Salander was not amused.
"I'm heading back to Millennium. We need to work out the publishing schedule of Dag's book."
She glared at his backside. The scene felt entirely too domestic to her. Here she was, with a cat sitting on her counter and Blomkvist making an omelet while she just leaned on the counter trying to figure out how the hell things got this far.
The cat followed her out of the kitchen, hoping up onto the window seat where it could watch her click through her laptop. The last Wi-Fi hit had been at 12:18pm the previous day. Battery dead? She sipped her coffee, skimming through all the file monitors. None of them had been tripped either. Salander saw no reason for the sudden lack of activity. Her presence on his computer was completely undetectable. It was completely baffling.
Blomkvist's head poked through the archway leading into the kitchen. "Do you want anything?" She shook her head, shutting the laptop again. Then she remembered the laptop she'd pilfered from Millennium. She drained her mug, leaving it on the coffee table. In the bedroom she haphazardly shoved a pair of boxing gloves and a change of close into a gym bag.

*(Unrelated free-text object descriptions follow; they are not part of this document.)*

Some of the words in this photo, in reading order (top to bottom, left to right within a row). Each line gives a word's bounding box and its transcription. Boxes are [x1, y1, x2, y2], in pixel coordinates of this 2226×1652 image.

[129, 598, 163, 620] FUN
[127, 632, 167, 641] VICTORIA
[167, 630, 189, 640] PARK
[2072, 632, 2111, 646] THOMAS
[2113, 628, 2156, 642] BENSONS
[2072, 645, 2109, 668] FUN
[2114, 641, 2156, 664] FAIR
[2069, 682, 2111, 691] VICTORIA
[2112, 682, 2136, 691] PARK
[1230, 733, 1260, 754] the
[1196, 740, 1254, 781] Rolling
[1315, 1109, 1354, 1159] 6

She carried the laptop into the living room, putting it on the end table next to one of her pop can ashtrays. She looked over and found the cat with its head stuck all the way down into her coffee mug.
"God you're fucking weird." The cat yanked its head out of the mug at the sound of her voice, tilting its head to one side as if saying, 'Yes, I know.'
"Get off the ropes, he's going to-"
Thock! Paolo cursed, watching one of his trainee's slip dazed through the ropes of the boxing ring onto the concrete floor. He grabbed the boy by the arm, dragging him over to one of the stools lined up against the wall. He'd have a good mark on his jaw, but it didn't look like a hit worthy of a concussion.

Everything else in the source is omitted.